Stres, zwłaszcza chroniczny, jak wiemy, zwiększa ryzyko poważnej choroby koronawirusowej. Są metody czysto humanistyczne i psychologiczne na uspokojenie i obniżenie stresu, np. terapia kognitywno-behawioralna i techniki uważnościowe. One potrafią pomóc. Można spróbować. W necie dużo na ten temat informacji. Czemu nie. Do piekła się za to nie pójdzie.

Ostatnio dostałem lekko stresujące zadanie powiedzmy zmiany paradygmatu w pragmatyce pewnej niewielkiej organizacji (ehh, jak to pięknie brzmi. Poszukujmy piękna w życiu). Trochę mnie to zmęczyło a znajoma chińska taoistka zaproponowała mi połączenie się w medytacji.
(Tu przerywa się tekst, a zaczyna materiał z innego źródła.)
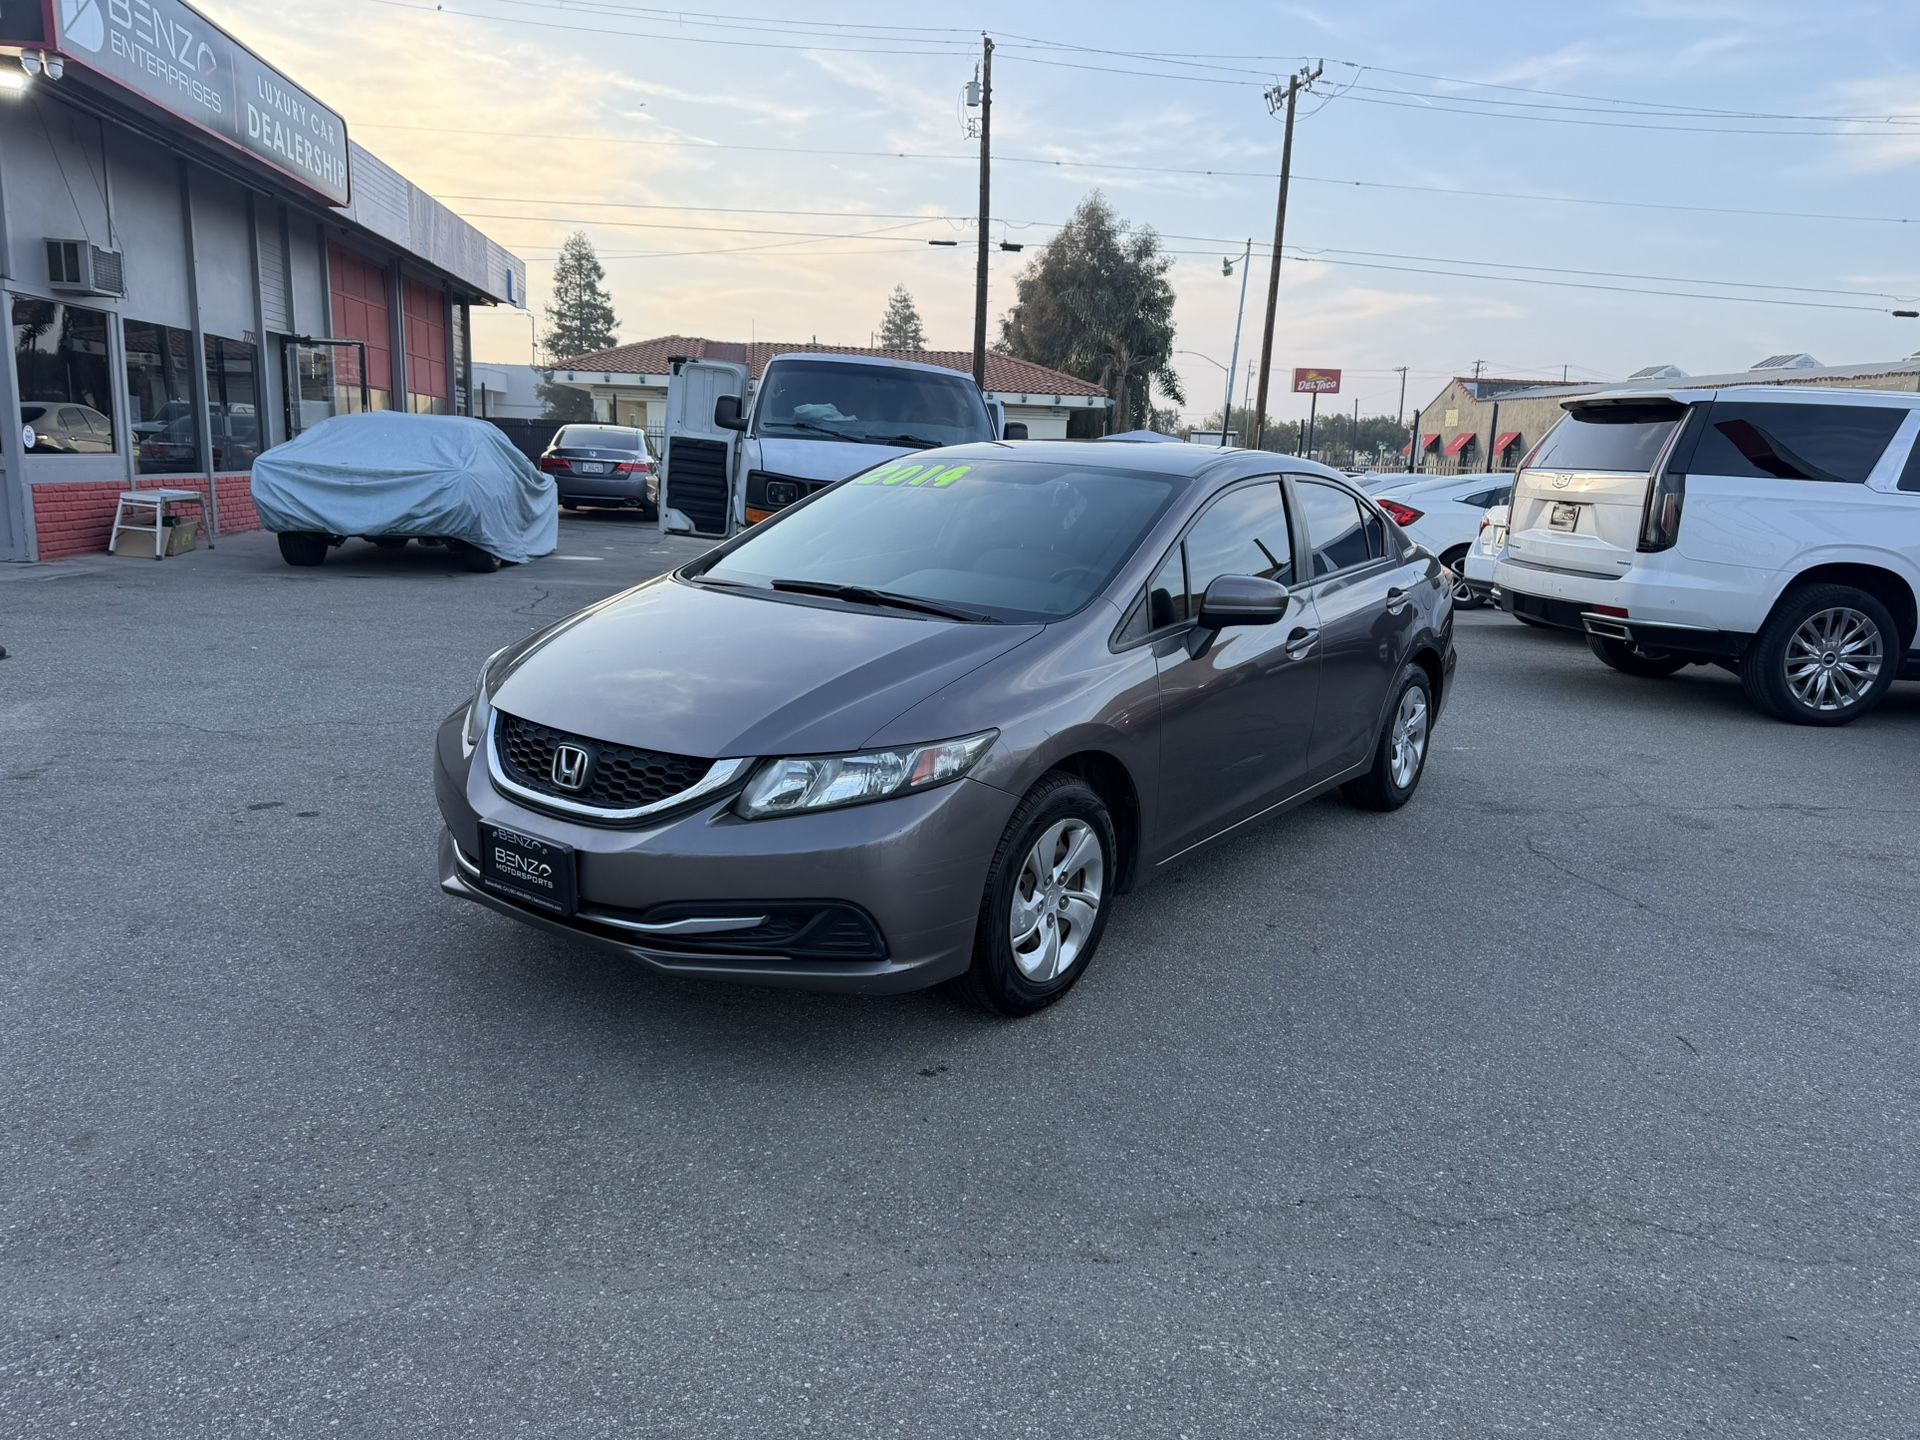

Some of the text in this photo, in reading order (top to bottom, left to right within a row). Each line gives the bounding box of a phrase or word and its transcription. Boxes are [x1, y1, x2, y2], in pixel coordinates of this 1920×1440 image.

[110, 28, 222, 113] ENTERPRISES
[257, 75, 335, 145] LUXURY CAR
[247, 102, 345, 188] DEALERSHIP
[856, 464, 972, 488] 2014
[498, 828, 542, 850] BENZO
[495, 847, 552, 877] BENZO
[496, 862, 553, 889] MOTORSPORTS
I tak, pierwsze dwadzieścia minut spędziłem stosując się do poniższego przesłania a potem kilka razy odmówiłem Ojcze Nasz. Czułem się bardzo dobrze, nabrałem więcej wewnętrznych sił, nawet mi się ciepło zrobiło, może od świecącego mi po nogach słońca ale może i od tej medytacji, której zarys w ulepszonym nieco tłumaczeniu Wujka G z chińskiego tu zamieszczam: Tylko spokój nas może uratować. Ale oczywiście nie aż taki, żeby olewać wirusa sądząc, że to jakiś medialny blef. Choć znerwicowany umysł na różne pomysły potrafi wpaść.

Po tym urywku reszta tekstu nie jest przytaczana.